WHAT NEEDS TO BE DONE: With the pictures left out, write every entry down exactly.

RAW DATA:
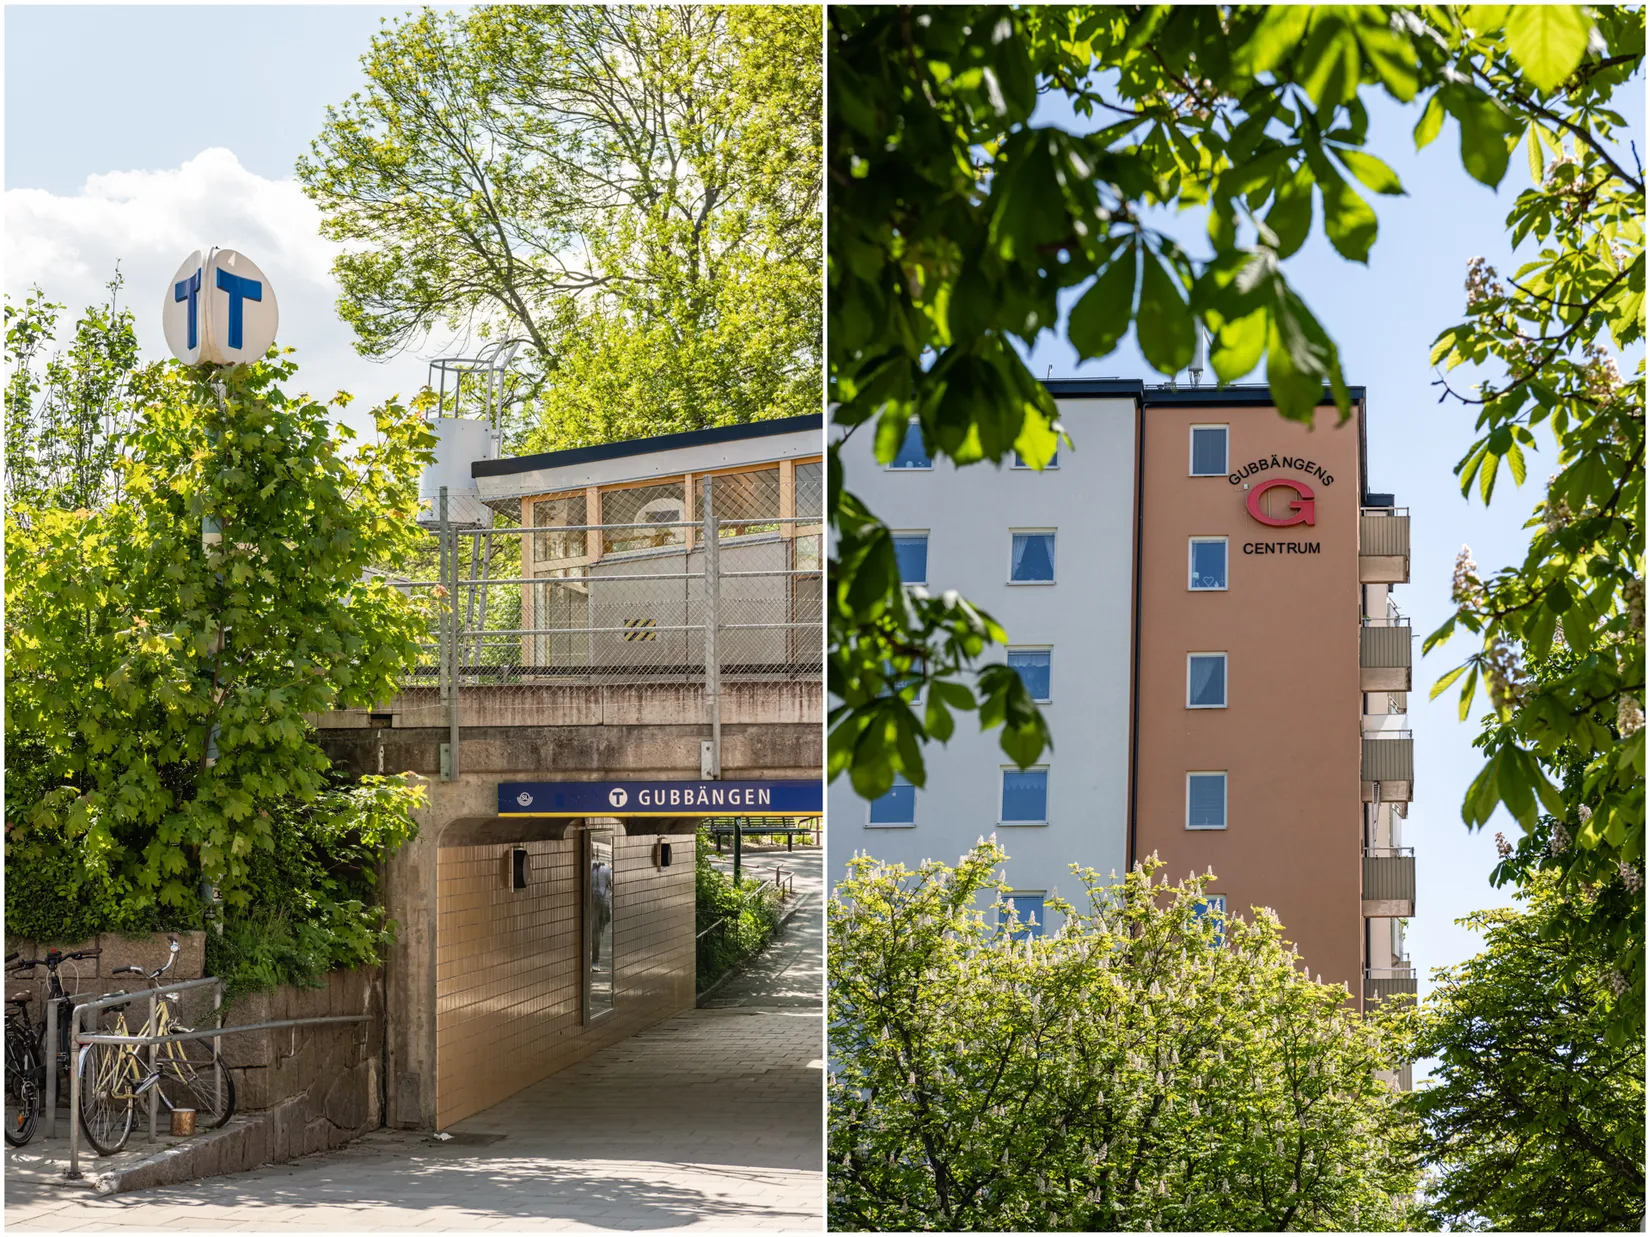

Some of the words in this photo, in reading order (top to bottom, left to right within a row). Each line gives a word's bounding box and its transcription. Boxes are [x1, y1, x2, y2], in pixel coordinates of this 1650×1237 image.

[175, 266, 201, 350] T
[216, 266, 262, 350] T
[1228, 454, 1334, 487] GUBBÄNGENS
[1246, 478, 1315, 528] G
[1243, 542, 1320, 554] CENTRUM
[638, 786, 771, 806] GUBBÄNGEN

TASK ANSWER:
Some of the words in this photo, in reading order (top to bottom, left to right within a row). Each line gives a word's bounding box and its transcription. Boxes are [x1, y1, x2, y2], in pixel coordinates of this 1650×1237 image.

[175, 266, 201, 350] T
[216, 266, 262, 350] T
[1228, 454, 1334, 487] GUBBÄNGENS
[1246, 478, 1315, 528] G
[1243, 542, 1320, 554] CENTRUM
[638, 786, 771, 806] GUBBÄNGEN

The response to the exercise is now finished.